Tommy William Polley (born January 18, 1978) is an American former professional football player who was a linebacker for six seasons in the National Football League (NFL). He originally played for the St. Louis Rams from 2001 to 2004 before signing with the Baltimore Ravens as a free agent in 2005. He played only one season with the Ravens before signing with the Saints on June 2, 2006. Polley grew up in Baltimore and played football for Dunbar High School.
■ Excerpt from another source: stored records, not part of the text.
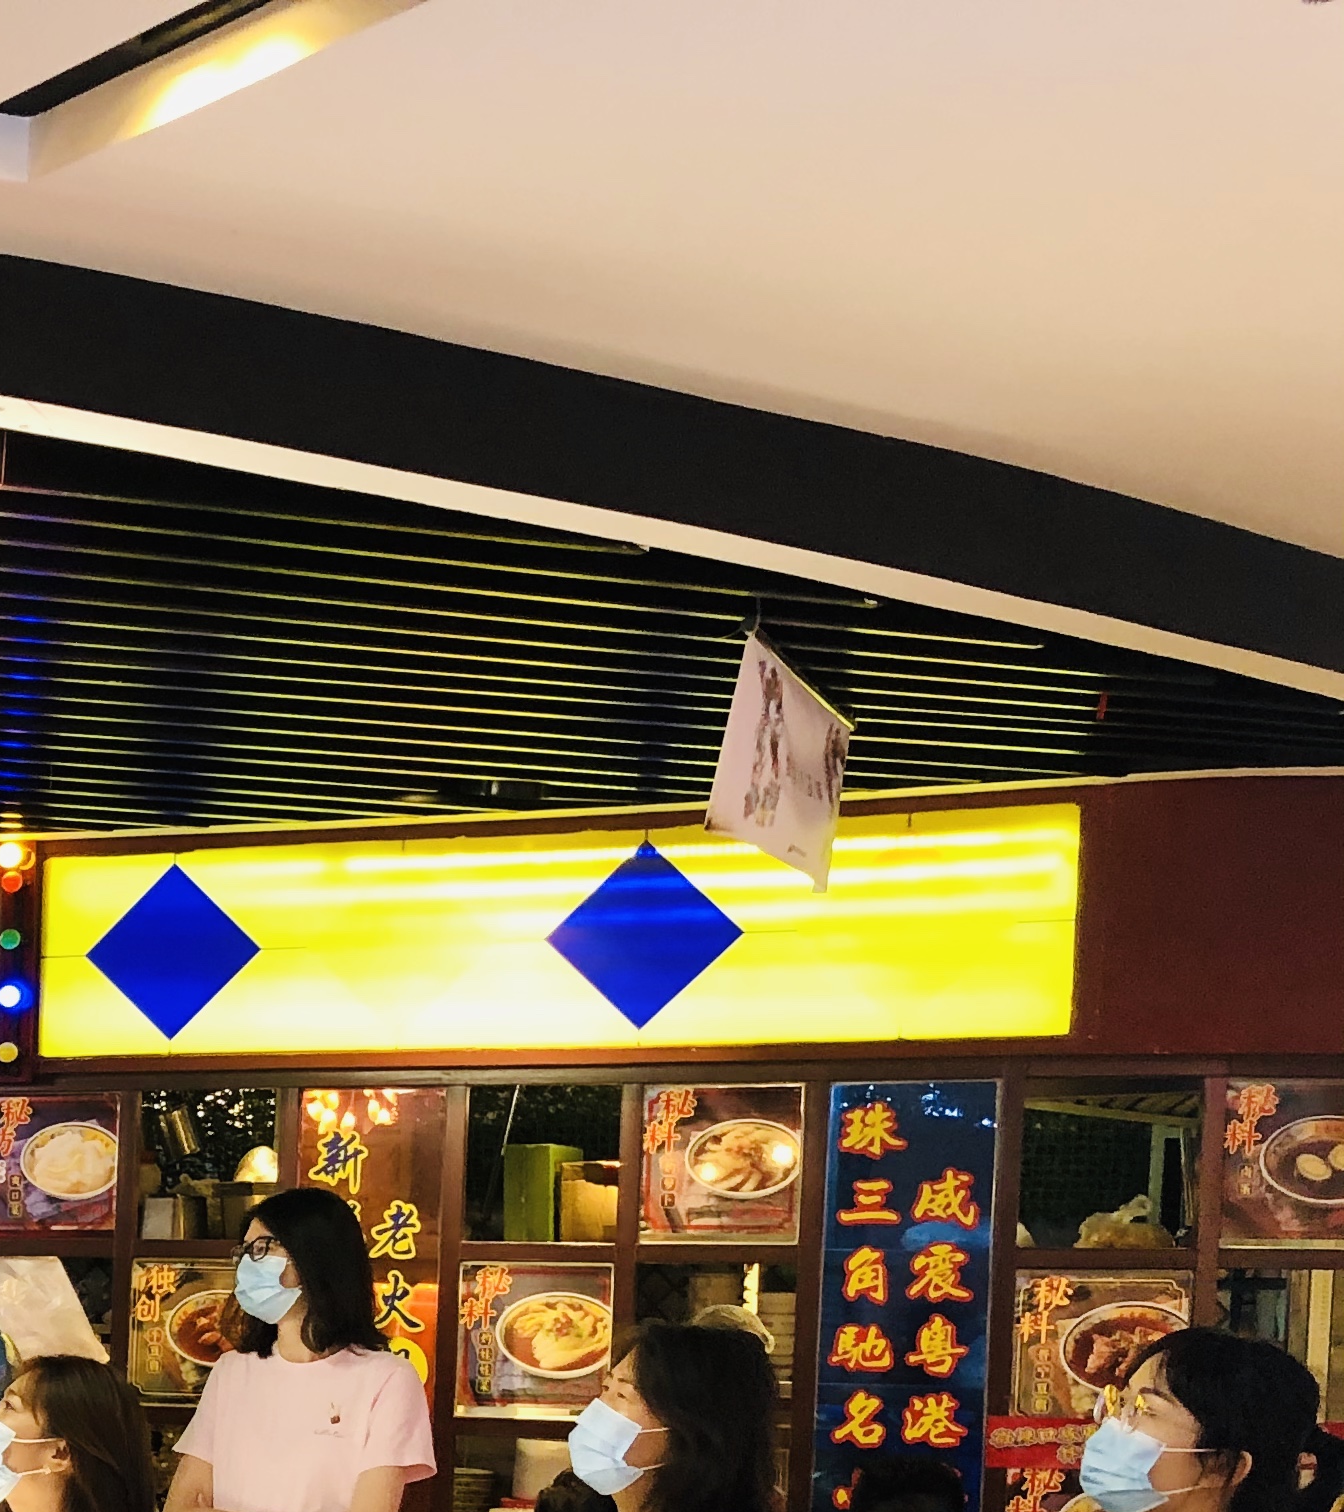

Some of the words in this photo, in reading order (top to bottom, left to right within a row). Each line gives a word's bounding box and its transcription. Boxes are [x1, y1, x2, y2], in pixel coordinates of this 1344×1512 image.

[643, 1088, 697, 1155] 秘料
[1223, 1084, 1280, 1155] 秘料
[135, 1264, 177, 1323] 独创
[458, 1264, 512, 1330] 秘料
[1015, 1276, 1073, 1344] 秘料
[900, 1167, 981, 1502] 威震粵港
He was a Top 50 Basketball prospect according to Hoop Scoop.

== Early life ==
Polley was hailed as one of the top prep athletes in the nation during his senior year at Dunbar High School in Baltimore, which is regarded as one of the top producers of basketball talent in the country. He was USA Today’s Player-of-the-Year in Maryland after recording 208 tackles (136 solo), 16 sacks and eight interceptions as a senior. He also caught 34 passes for 567 yards and three TDs. He led his team to back-to-back state championships as a junior and senior and was named Baltimore area Defensive Player-of-the-Year after both his junior and senior campaigns. He was also regarded as one of the country's top 60 basketball prospects, and led the Poets to four straight state titles—averaged 20.4 points, 10.7 rebounds, and 8.1 assists per game as a senior.

== College career ==
Polley enrolled at Florida State University as a scholarship player. He ended his collegiate career with 289 tackles (170 solo) and was a semi-finalist for the Butkus Award, third-team Football News All-American, First-team All-ACC selection, and a finalist for the ACC's Brian Piccolo Award (as a result of his courageous comeback from the injury he suffered in the Sugar Bowl). In his final season at FSU, Polley had 100 tackles with 53 solo tackles, 7 tackles for a loss, 2 sacks, broke up 7 passes, recovered a team-high 3 fumbles, and forced one. The defensive leader and captain took the Seminoles to another National Championship (2001 Orange Bowl), even though his team ultimately lost 13–2 to the Oklahoma Sooners. In his junior year in 1999, Polley had an outstanding season when he led Florida State with 109 tackles (67 solos) and also had six stops for loss. He earned First-team All-ACC accolades. In his Sophomore Year (1998) he started 12 of 13 games at both outside linebacking posts and had 59 total tackles (37 solo) and had two tackles for loss. 1997 was his freshman Year (and he totaled 21 tackles with 13 solo stops in the first year of action and played in all 12 games and had at least one tackle in eight games. In 1996, he Redshirted along with most of his class.

== Professional career ==
Polley was selected by the St. Louis Rams in the second round of the 2001 NFL draft. He finished his rookie season with 67 tackles (50 solo). Polley went on to have a 6-year NFL career, amassing 304 tackles with 224 solo stops, and retired in 2007 after a shoulder injury sidelined him for most of the season. After 4 seasons with the Rams, he finished his career by spending one year with the Baltimore Ravens and his final year with the New Orleans Saints.

==NFL career statistics==

Legend
| Bold | Career high |

===Regular season===

Year: Team; Games; Tackles; Interceptions; Fumbles
GP: GS; Cmb; Solo; Ast; Sck; TFL; Int; Yds; TD; Lng; PD; FF; FR; Yds; TD
2001: STL; 16; 11; 85; 68; 17; 0.0; 4; 0; 0; 0; 0; 3; 0; 0; 0; 0
2002: STL; 12; 11; 61; 46; 15; 0.0; 1; 0; 0; 0; 0; 2; 2; 1; 0; 0
2003: STL; 14; 14; 70; 58; 12; 0.0; 6; 4; 32; 0; 22; 12; 1; 1; 0; 0
2004: STL; 15; 13; 79; 66; 13; 2.0; 5; 0; 0; 0; 0; 6; 1; 0; 0; 0
2005: BAL; 16; 15; 97; 73; 24; 4.0; 5; 0; 0; 0; 0; 3; 0; 1; 2; 0
73; 64; 392; 311; 81; 6.0; 21; 4; 32; 0; 22; 26; 4; 3; 2; 0

===Playoffs===

Year: Team; Games; Tackles; Interceptions; Fumbles
GP: GS; Cmb; Solo; Ast; Sck; TFL; Int; Yds; TD; Lng; PD; FF; FR; Yds; TD
2001: STL; 3; 3; 30; 22; 8; 0.0; 0; 2; 35; 1; 34; 4; 0; 0; 0; 0
2003: STL; 1; 1; 7; 7; 0; 0.0; 1; 1; 37; 0; 37; 1; 0; 0; 0; 0
2004: STL; 2; 2; 18; 14; 4; 0.0; 0; 0; 0; 0; 0; 2; 0; 1; 0; 0
6; 6; 55; 43; 12; 0.0; 1; 3; 72; 1; 37; 7; 0; 1; 0; 0

==Coaching career==
Polley coaches for Belleville West High School in Belleville, Illinois as the defensive coordinator.